Jess: I do know that one of the first official emails that we sent back and forth, all of us said that we definitely didn’t want to do a movie about them being aspiring rappers or musicians, which would’ve been a very easy way to get that verse in. We all felt like it’s been done, and there was nothing new that we felt like we could add.

When you first started going to studios, Lionsgate was one of the ones that turned the project down, and you both knew you’d have to make it happen yourselves. When you get those type of responses from studios, like “Are you sure about this?”, how do you both look at that reaction?

Jess: As a challenge. It’s almost like they’re throwing us a challenge.
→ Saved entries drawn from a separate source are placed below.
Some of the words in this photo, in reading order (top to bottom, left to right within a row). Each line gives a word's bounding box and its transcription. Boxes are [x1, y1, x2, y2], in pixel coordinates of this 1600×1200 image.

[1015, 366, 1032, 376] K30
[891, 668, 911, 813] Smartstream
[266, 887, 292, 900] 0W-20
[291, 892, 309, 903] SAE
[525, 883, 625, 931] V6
Keith: I see it as a challenge. I feel like the term that gets used a lot in the studio system is that a project is “execution dependent,” meaning that, oh, it needs to be done really well in order for it to have an audience. I think that’s just crazy. To a certain degree, isn’t every movie execution dependent? If you made a terrible movie, surely that has an impact on how well it does. But I think that there are certain types of movies where that’s just the way that people think about it. I do think that it’s the type of movie that we tend to get drawn to a lot, because we do like doing movies that have an inherently challenging aspect to them. But yeah, I mean, I’d much rather a studio could read the script and say it’s execution dependent than they read a script and say, “Yeah, this is bad.” Because they’re not saying it’s bad. They’re saying this is really good, and the filmmaking needs to be at the same level as what the script is in order for it to work.